The College Board announced it would no longer offer the optional essay on the SAT or its supplemental subject tests on Jan. 19. UNC expects minimal changes to its admissions process without test scores, leaving students wondering if the tests are necessary at all.
Michael Davis, associate director for admissions within the Office of Undergraduate Admissions, said the UNC System’s decision in July to make test scores optional for applicants did not greatly impact the admission team’s decision-making process, and he doubts the SAT’s new changes will either.
After the CollegeBoard announced an end to SAT subject tests and option essay on Jan. 19, UNC expects to see minimal changes in its admission process.
“Test scores have always been one factor among many in our process,” Davis said. “We view our job as adding to our community, not just reviewing numbers.”
Davis said roughly two-thirds of students who applied to UNC via early action this application cycle still submitted test scores despite them being optional.
“So we admitted students who submitted test scores, we admitted students who did not submit test scores and vice versa,” Davis said. “We didn’t try to penalize students whether they did submit the test scores or not.”
Peter Mullen, a senior at Knightdale High School who was admitted to UNC's class of 2025, did not submit his test scores and said the application being test-optional was “a weight lifted” off of his chest.
“I was having a pretty crazy summer at the time," Mullen said. "I was working a job, I lost a couple family members and the last thing I was worried about was having to sit in a room and take a test for four hours."
Mullen didn't know the College Board offered subject tests, which he said was most likely because his high school is one of Raleigh’s lower-income schools.
“I feel like that’s something they should have told us, and that goes with having access to it," Mullen said. "And there are a lot of different social groups that might not have access to even the SAT or the ACT ... a lot of those kids are kind of screwed."
Davis said UNC always allowed students to submit SAT subject tests and SAT essay scores but never required them.
“I think that the College Board’s decision to phase out the writing score and the SAT subject tests is really just a recognition that there were very few colleges and universities that required them in the first place,” Davis said. “I see this in some ways as a good thing because I think it might create less stress for students.”
Natalie Ray, a senior at Orange High School in Hillsborough who was recently admitted to UNC, said she took both the SAT and the ACT but only submitted her ACT scores. Ray wrote the optional essay for the SAT once, but deemed it unimportant and declined to take it again at other dates.
“The essay for the SAT I did not like whatsoever," Ray said. "What they’re asking you to do is very in line with their AP class standards, and I did not take those AP English classes; I took them at a community college.
"I did not feel like it was a good show of where I am as a writer or a student because that’s not something that I was familiar with.”

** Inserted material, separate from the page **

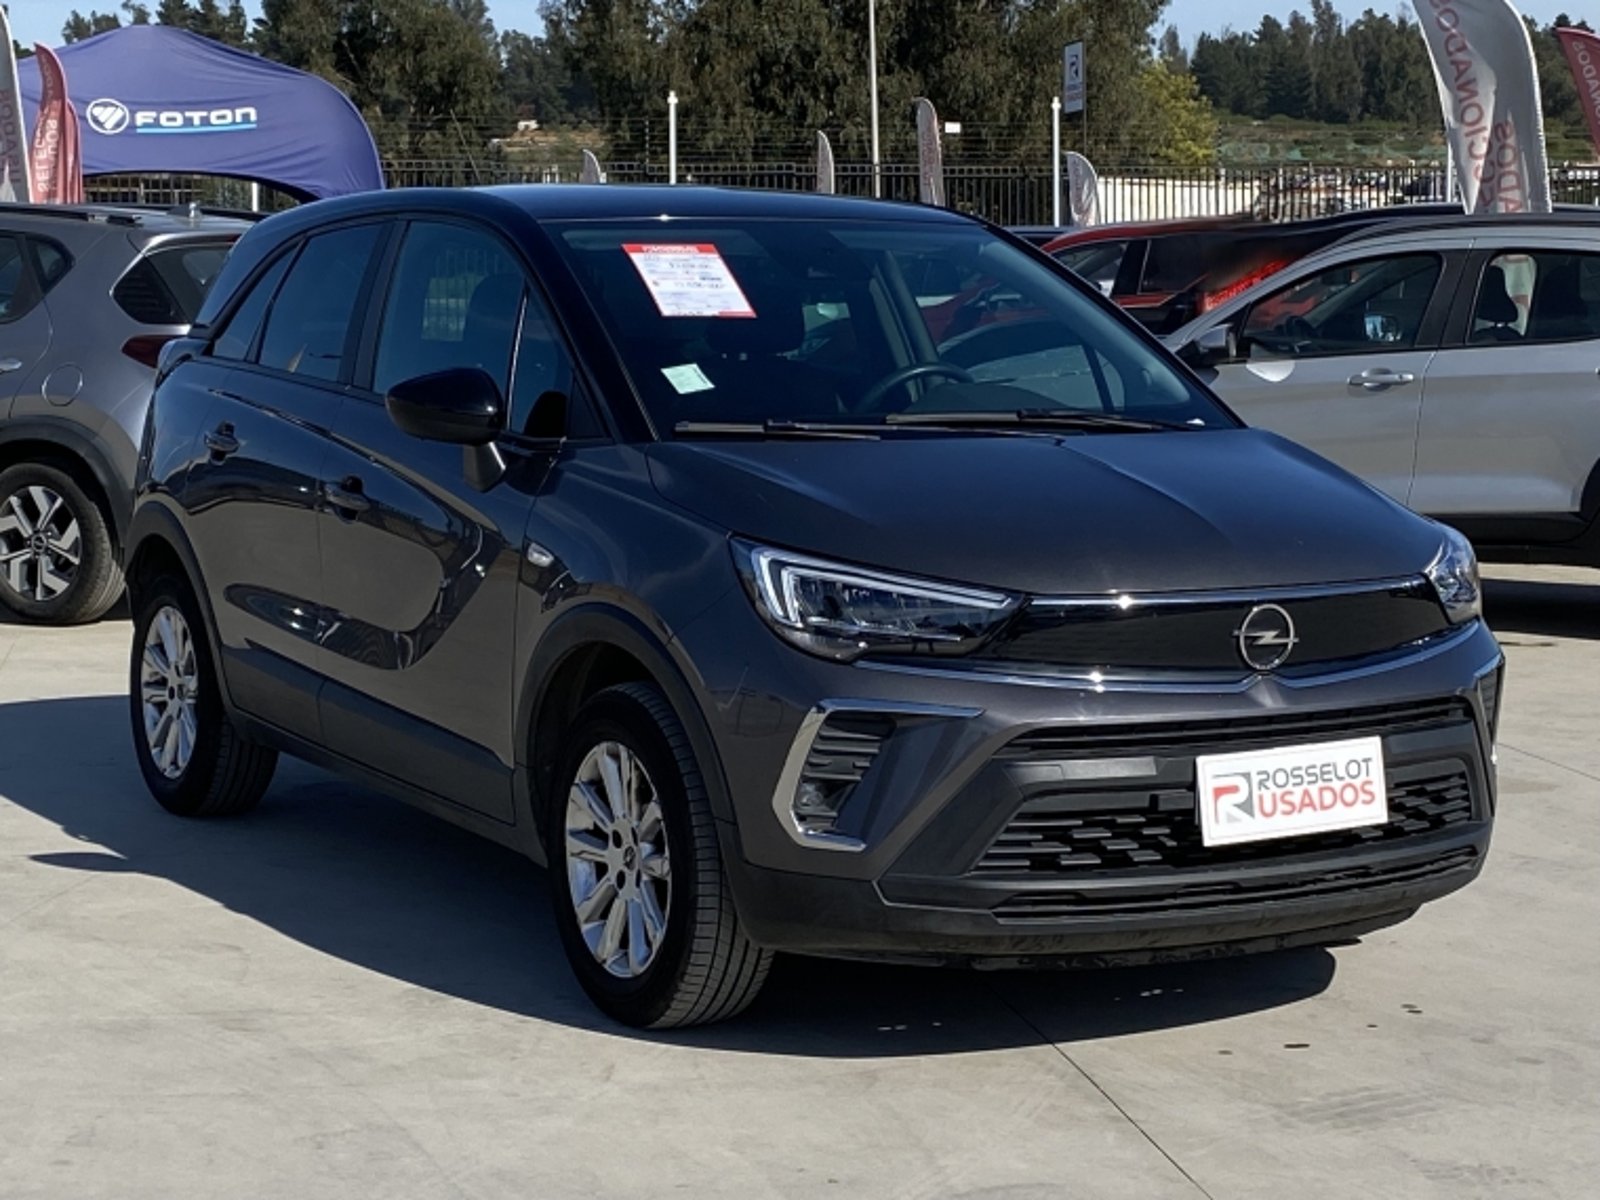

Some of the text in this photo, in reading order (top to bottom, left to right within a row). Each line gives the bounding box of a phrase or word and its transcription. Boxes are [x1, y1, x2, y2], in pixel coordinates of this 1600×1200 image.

[135, 106, 257, 127] FOTON
[1256, 757, 1373, 792] ROSSELOT
[1258, 780, 1376, 819] USADOS

UNC’s application included more writing opportunities this year than in previous years, Davis said, as the application included a question about how COVID-19 specifically impacted students.
“I would say that this year we’ve definitely seen more information shared by students through those additional questions,” Davis said. “But I haven’t seen that tied to whether they submitted a test score or not; it’s just been more about each individual student deciding how much additional context they want to share.”
UNC has utilized SAT subject tests in the past to help place students in language courses and math courses, but as not all students submit these scores in the first place, the College Board’s decision to get rid of them will not greatly unbalance the placing process, Davis said.
“There are certainly other avenues that students can take to still get that placement, and we’ll be working with all of the different departments to be updating that for future years,” Davis said.
First-year Rachel Ferris, a pre-business major at UNC, said she feels that standardized tests are not a perfect metric of a student's capability, but she understands how they aid the flow of the admissions process.
“This pandemic has given us a lot of perspective, and I think that that isn’t something we should abandon because it's over,” Ferris said. “People are still going to face the same struggles they did before and during the pandemic, and just because you’re not worried about your grandma getting sick or losing your job doesn’t mean that all of your problems have gone away.”
Ray, Mullen and Ferris all identified accessibility issues within standardized testing as a reason why tests like the SAT and ACT should become less important post-pandemic.
“Not every school has AP or IB, or the same extracurricular opportunities, and some kids are working to put food on the table and can’t be playing varsity sports, so I think there is a kind of disadvantage no matter what category you’re comparing kids in,” Ferris said.